Class-Incremental Learning for Multi-Label Audio Classification
Manjunath Mulimani, Annamaria Mesaros
TL;DR
This work tackles class-incremental learning for multi-label audio where overlapping sounds occur across sequential tasks. It proposes an independent-learning framework (IndL) augmented with two distillation losses: a cosine-similarity feature distillation ($L^{FD}$) and a KL-divergence output distillation ($L^{OD}$), combined in an adaptive loss to preserve old knowledge while adding new classes. The proposed IODFD method (IndL with both $L^{OD}$ and $L^{FD}$) outperforms baselines on a 50-class Audioset subset, achieving an average F1 of $40.9\%$ with minimal forgetting ($Fr=0.7$ pp) across five phases, and remaining competitive with non-incremental training. These results demonstrate a effective balance between plasticity for new sounds and stability for old ones in multi-label audio CIL, with implications for scalable audio tagging and potential extensions to exemplar-based strategies and event detection.
Abstract
In this paper, we propose a method for class-incremental learning of potentially overlapping sounds for solving a sequence of multi-label audio classification tasks.
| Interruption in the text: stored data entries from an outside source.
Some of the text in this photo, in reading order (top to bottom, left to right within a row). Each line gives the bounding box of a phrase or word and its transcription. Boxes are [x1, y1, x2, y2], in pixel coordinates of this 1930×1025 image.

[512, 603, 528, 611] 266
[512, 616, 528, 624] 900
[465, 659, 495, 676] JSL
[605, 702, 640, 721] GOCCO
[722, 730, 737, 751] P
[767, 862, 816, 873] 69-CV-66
We design an incremental learner that learns new classes independently of the old classes. To preserve knowledge about the old classes, we propose a cosine similarity-based distillation loss that minimizes discrepancy in the feature representations of subsequent learners, and use it along with a Kullback-Leibler divergence-based distillation loss that minimizes discrepancy in their respective outputs. Experiments are performed on a dataset with 50 sound classes, with an initial classification task containing 30 base classes and 4 incremental phases of 5 classes each. After each phase, the system is tested for multi-label classification with the entire set of classes learned so far. The proposed method obtains an average F1-score of 40.9% over the five phases, ranging from 45.2% in phase 0 on 30 classes, to 36.3% in phase 4 on 50 classes. Average performance degradation over incremental phases is only 0.7 percentage points from the initial F1-score of 45.2%.